Task item:
For each entry that follows, produce an exact copy.

Data for processing:
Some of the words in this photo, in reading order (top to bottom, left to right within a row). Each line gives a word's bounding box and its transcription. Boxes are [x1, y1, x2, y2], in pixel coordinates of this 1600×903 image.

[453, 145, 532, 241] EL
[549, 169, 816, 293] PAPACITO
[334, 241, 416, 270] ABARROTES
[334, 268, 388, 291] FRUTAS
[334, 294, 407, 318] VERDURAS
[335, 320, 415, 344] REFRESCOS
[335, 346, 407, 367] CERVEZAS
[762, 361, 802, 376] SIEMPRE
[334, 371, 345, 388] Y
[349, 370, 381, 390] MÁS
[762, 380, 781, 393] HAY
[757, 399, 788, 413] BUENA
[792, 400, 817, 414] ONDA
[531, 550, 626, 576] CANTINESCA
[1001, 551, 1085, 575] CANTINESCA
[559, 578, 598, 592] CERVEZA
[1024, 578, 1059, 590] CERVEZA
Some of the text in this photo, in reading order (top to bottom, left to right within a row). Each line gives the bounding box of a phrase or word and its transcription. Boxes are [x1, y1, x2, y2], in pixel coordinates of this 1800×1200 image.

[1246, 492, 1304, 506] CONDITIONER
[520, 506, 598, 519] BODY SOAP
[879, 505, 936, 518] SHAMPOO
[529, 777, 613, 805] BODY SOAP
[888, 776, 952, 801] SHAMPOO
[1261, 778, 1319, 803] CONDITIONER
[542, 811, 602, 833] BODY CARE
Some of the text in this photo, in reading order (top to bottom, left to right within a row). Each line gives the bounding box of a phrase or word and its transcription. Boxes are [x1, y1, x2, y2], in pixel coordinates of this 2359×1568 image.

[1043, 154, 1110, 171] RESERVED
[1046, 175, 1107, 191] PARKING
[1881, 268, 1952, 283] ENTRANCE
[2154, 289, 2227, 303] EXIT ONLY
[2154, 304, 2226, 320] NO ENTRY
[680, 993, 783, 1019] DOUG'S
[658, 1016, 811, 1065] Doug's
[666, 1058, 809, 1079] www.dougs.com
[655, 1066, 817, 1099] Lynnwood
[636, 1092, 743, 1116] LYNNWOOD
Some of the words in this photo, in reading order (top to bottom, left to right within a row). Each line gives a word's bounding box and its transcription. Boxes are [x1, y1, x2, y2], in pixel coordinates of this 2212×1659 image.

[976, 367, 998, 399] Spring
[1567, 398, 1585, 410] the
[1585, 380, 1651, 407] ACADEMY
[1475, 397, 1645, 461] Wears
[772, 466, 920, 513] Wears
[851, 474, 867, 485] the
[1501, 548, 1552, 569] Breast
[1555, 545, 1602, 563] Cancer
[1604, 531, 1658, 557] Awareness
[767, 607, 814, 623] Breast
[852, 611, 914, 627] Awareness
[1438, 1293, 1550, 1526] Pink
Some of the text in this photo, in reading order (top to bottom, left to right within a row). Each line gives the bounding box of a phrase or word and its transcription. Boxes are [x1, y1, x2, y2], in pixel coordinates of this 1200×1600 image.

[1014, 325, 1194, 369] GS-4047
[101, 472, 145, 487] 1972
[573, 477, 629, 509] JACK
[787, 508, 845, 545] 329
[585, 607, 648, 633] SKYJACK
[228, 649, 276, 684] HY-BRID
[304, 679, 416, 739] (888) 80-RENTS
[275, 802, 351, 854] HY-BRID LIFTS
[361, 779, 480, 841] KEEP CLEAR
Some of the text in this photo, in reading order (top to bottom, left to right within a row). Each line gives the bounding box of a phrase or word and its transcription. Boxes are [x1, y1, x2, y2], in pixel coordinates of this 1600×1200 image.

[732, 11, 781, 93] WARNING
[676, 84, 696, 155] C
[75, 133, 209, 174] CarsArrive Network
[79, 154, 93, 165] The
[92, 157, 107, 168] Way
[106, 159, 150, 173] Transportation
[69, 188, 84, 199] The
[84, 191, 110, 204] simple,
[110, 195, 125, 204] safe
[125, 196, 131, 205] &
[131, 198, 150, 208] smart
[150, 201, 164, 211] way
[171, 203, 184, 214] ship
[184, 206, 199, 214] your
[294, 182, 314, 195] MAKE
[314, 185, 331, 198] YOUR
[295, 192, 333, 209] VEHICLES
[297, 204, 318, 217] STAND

Solution for this exercise:
Some of the words in this photo, in reading order (top to bottom, left to right within a row). Each line gives a word's bounding box and its transcription. Boxes are [x1, y1, x2, y2], in pixel coordinates of this 1600×903 image.

[453, 145, 532, 241] EL
[549, 169, 816, 293] PAPACITO
[334, 241, 416, 270] ABARROTES
[334, 268, 388, 291] FRUTAS
[334, 294, 407, 318] VERDURAS
[335, 320, 415, 344] REFRESCOS
[335, 346, 407, 367] CERVEZAS
[762, 361, 802, 376] SIEMPRE
[334, 371, 345, 388] Y
[349, 370, 381, 390] MÁS
[762, 380, 781, 393] HAY
[757, 399, 788, 413] BUENA
[792, 400, 817, 414] ONDA
[531, 550, 626, 576] CANTINESCA
[1001, 551, 1085, 575] CANTINESCA
[559, 578, 598, 592] CERVEZA
[1024, 578, 1059, 590] CERVEZA
Some of the text in this photo, in reading order (top to bottom, left to right within a row). Each line gives the bounding box of a phrase or word and its transcription. Boxes are [x1, y1, x2, y2], in pixel coordinates of this 1800×1200 image.

[1246, 492, 1304, 506] CONDITIONER
[520, 506, 598, 519] BODY SOAP
[879, 505, 936, 518] SHAMPOO
[529, 777, 613, 805] BODY SOAP
[888, 776, 952, 801] SHAMPOO
[1261, 778, 1319, 803] CONDITIONER
[542, 811, 602, 833] BODY CARE
Some of the text in this photo, in reading order (top to bottom, left to right within a row). Each line gives the bounding box of a phrase or word and its transcription. Boxes are [x1, y1, x2, y2], in pixel coordinates of this 2359×1568 image.

[1043, 154, 1110, 171] RESERVED
[1046, 175, 1107, 191] PARKING
[1881, 268, 1952, 283] ENTRANCE
[2154, 289, 2227, 303] EXIT ONLY
[2154, 304, 2226, 320] NO ENTRY
[680, 993, 783, 1019] DOUG'S
[658, 1016, 811, 1065] Doug's
[666, 1058, 809, 1079] www.dougs.com
[655, 1066, 817, 1099] Lynnwood
[636, 1092, 743, 1116] LYNNWOOD
Some of the words in this photo, in reading order (top to bottom, left to right within a row). Each line gives a word's bounding box and its transcription. Boxes are [x1, y1, x2, y2], in pixel coordinates of this 2212×1659 image.

[976, 367, 998, 399] Spring
[1567, 398, 1585, 410] the
[1585, 380, 1651, 407] ACADEMY
[1475, 397, 1645, 461] Wears
[772, 466, 920, 513] Wears
[851, 474, 867, 485] the
[1501, 548, 1552, 569] Breast
[1555, 545, 1602, 563] Cancer
[1604, 531, 1658, 557] Awareness
[767, 607, 814, 623] Breast
[852, 611, 914, 627] Awareness
[1438, 1293, 1550, 1526] Pink
Some of the text in this photo, in reading order (top to bottom, left to right within a row). Each line gives the bounding box of a phrase or word and its transcription. Boxes are [x1, y1, x2, y2], in pixel coordinates of this 1200×1600 image.

[1014, 325, 1194, 369] GS-4047
[101, 472, 145, 487] 1972
[573, 477, 629, 509] JACK
[787, 508, 845, 545] 329
[585, 607, 648, 633] SKYJACK
[228, 649, 276, 684] HY-BRID
[304, 679, 416, 739] (888) 80-RENTS
[275, 802, 351, 854] HY-BRID LIFTS
[361, 779, 480, 841] KEEP CLEAR
Some of the text in this photo, in reading order (top to bottom, left to right within a row). Each line gives the bounding box of a phrase or word and its transcription. Boxes are [x1, y1, x2, y2], in pixel coordinates of this 1600×1200 image.

[732, 11, 781, 93] WARNING
[676, 84, 696, 155] C
[75, 133, 209, 174] CarsArrive Network
[79, 154, 93, 165] The
[92, 157, 107, 168] Way
[106, 159, 150, 173] Transportation
[69, 188, 84, 199] The
[84, 191, 110, 204] simple,
[110, 195, 125, 204] safe
[125, 196, 131, 205] &
[131, 198, 150, 208] smart
[150, 201, 164, 211] way
[171, 203, 184, 214] ship
[184, 206, 199, 214] your
[294, 182, 314, 195] MAKE
[314, 185, 331, 198] YOUR
[295, 192, 333, 209] VEHICLES
[297, 204, 318, 217] STAND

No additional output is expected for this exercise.